Commercial Excellence is still seen by many people as point solutions you implement here and there, with the hope to drive the business forwards. At times, the focus is on fixing the size of the sales force or the call plan or the digital approach to take, while in fact this is a process with a beginning and an end and if you do not do your homework upstream it really does not matter what you do downstream because it will not impact results.
What is the point on having a great multi-channel approach if first you do not understand how is the market you are playing in, what is the competition doing, who are the key stakeholders, your customers’ journeys and CXs, your value proposition and so on? Doing the wrong things efficiently does not deliver results, it is just a bad investment and hard work.
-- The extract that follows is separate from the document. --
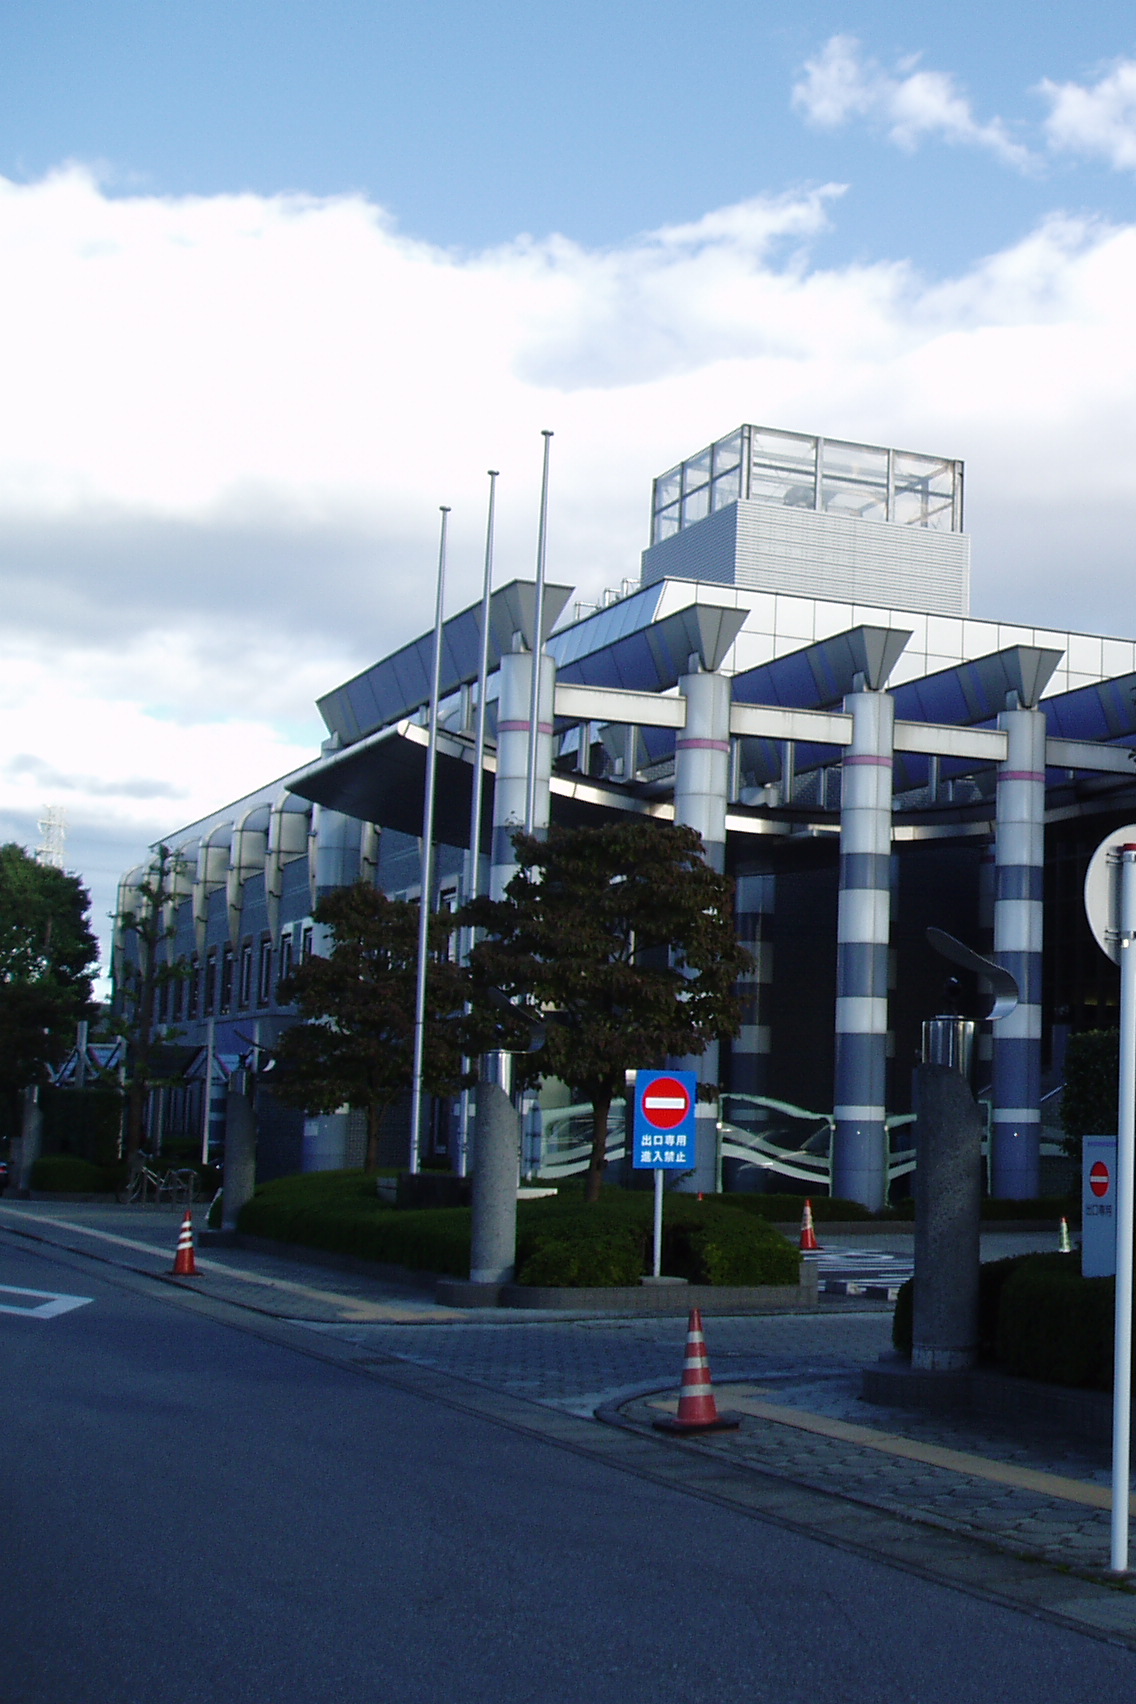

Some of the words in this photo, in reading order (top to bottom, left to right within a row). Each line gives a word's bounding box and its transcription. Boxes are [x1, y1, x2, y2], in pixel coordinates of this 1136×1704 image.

[641, 1134, 687, 1147] 出口専用
[640, 1151, 687, 1163] 進入禁止
Commercial Excellence is like a river coming from upstream marketing to downstream sales and at every stage of the process there is a water dam that goes up preventing water from flowing every time you do not get it right. (Eli Goldratt’s “The Goal” novel on the theory of constrains applies to perfection here)
When all your activity metrics are green but your sales and market share is not improving you are getting no water at the end of the process and you need to look upstream for answers. Is the quality of the interactions right, are you addressing the right customers and needs with the right promo mix and value proposition?
Commercial Excellence needs to be understood as an end-to-end process and not as a random collection of “things” you do Monday morning 8 am. It requires addressing each and every element in the right order, from understanding the market you want to address, down to tracking performance in a systematic and structured way. It is better to do a good job across all elements than excelling at tracking all the wrong activities.